Long v. Long

Decision Date24 July 1997
Docket NumberDocket No. WCB-95-779
Citation1997 ME 171,697 A.2d 1317
PartiesMary E. LONG v. Richard J. LONG.
CourtMaine Supreme Court

Susan R. Kominsky (orally), Marvin H. Glazier, James C. Munch, III, Vafiades, Brountas & Kominsky, Bangor, for plaintiff.

Martha J. Harris (orally), Paine, Lynch & Harris, Bangor, for defendant.

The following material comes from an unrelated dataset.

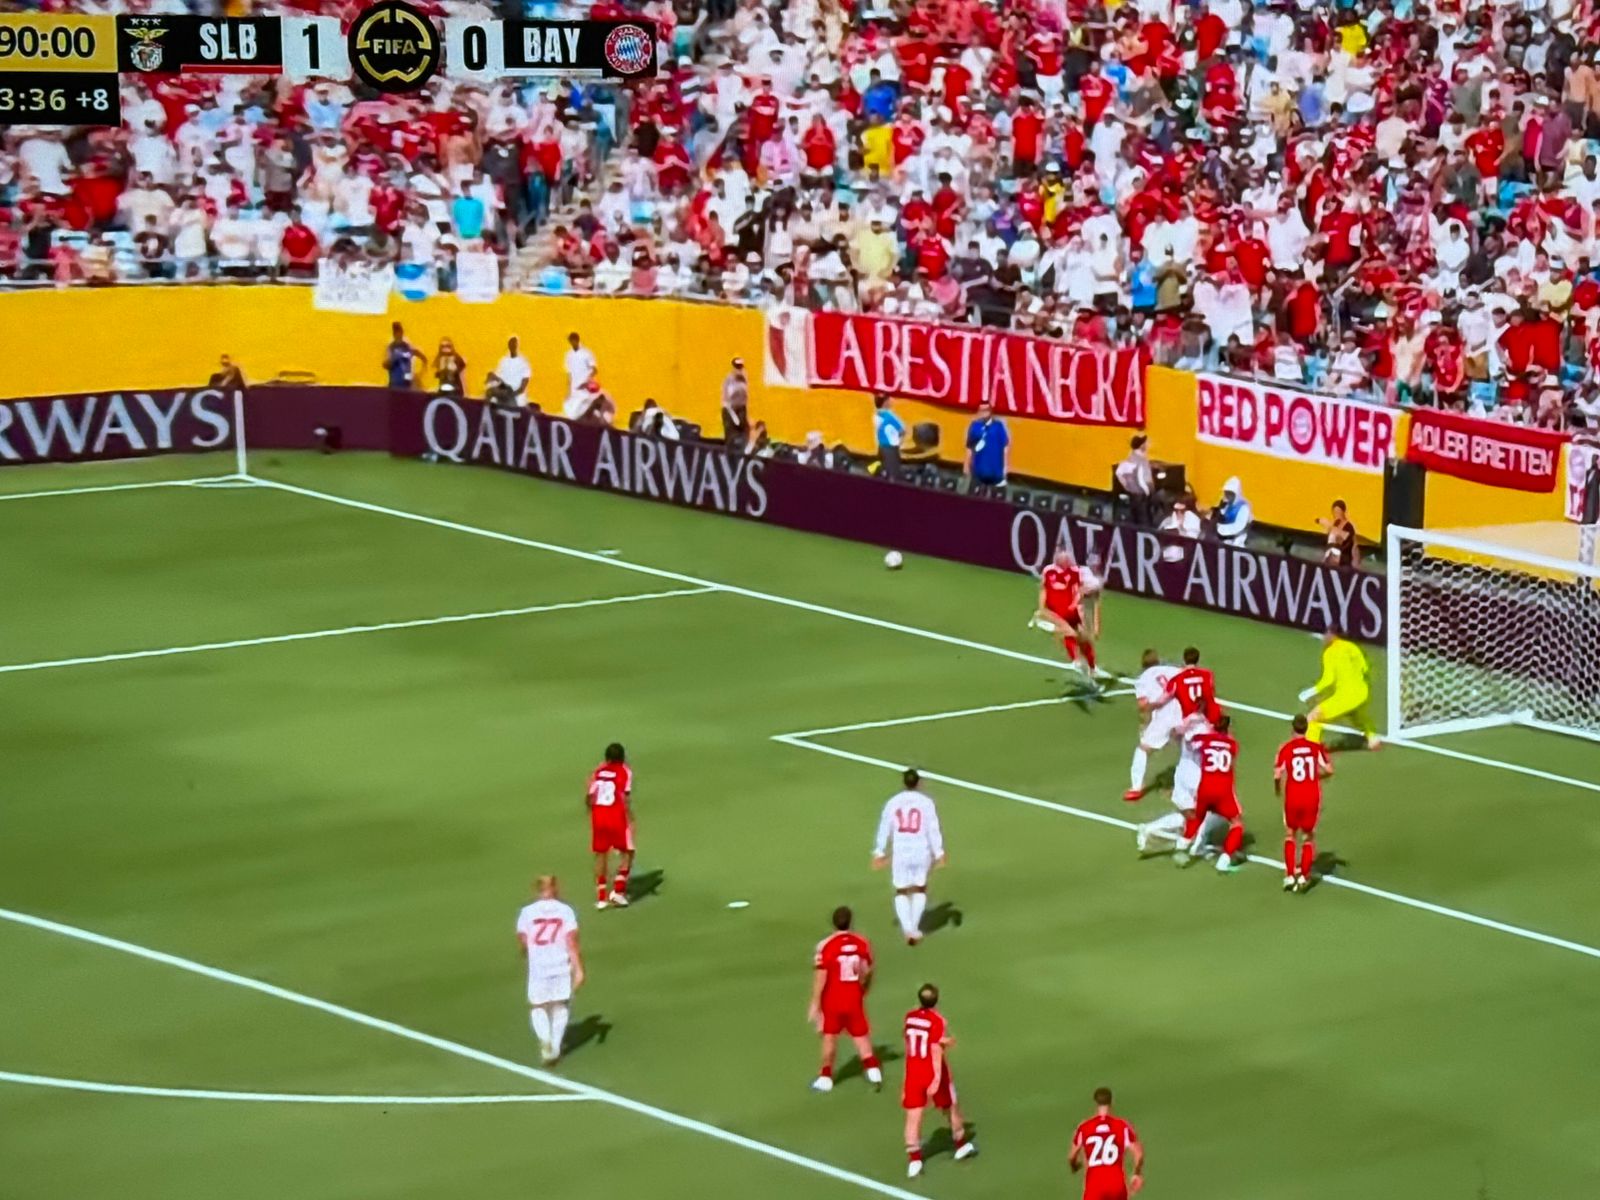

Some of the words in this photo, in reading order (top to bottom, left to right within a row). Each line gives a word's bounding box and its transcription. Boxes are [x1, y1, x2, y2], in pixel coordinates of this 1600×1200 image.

Before WATHEN, C.J., and ROBERTS, GLASSMAN, CLIFFORD, RUDMAN, DANA, and LIPEZ, JJ.

WATHEN, Chief Justice.

¶1 Defendant Richard J. Long appeals from the judgment entered in the Superior Court (Piscataquis County, Kravchuk, J.) affirming a divorce judgment entered in the District Court (Dover-Foxcroft, Gunther, J.) on a complaint brought by plaintiff Mary E. Long. Defendant contends that the District Court ignored precedent in ruling that real estate held in joint tenancy was marital property even though it was acquired in exchange for property he acquired before the marriage. He also contends that the court erred in dividing the property by failing to give due consideration to his contribution of nonmarital funds and to the economic circumstances of the parties. Finally, he contends that the court abused its discretion by conditioning its award of the residence to him on an unreasonable timetable for purchasing Mary's equity. For the reasons stated below, we overrule Young v. Young, 329 A.2d 386 (Me.1974), and Tibbetts v. Tibbetts, 406 A.2d 70 (Me.1979), and their progeny. We now hold that jointly owned real property is subject to division as marital property pursuant to 19 M.R.S.A. § 722-A (1981), even though parts of it were acquired with nonmarital funds. Finding no abuse of discretion in the court's division of the property, we affirm the judgment.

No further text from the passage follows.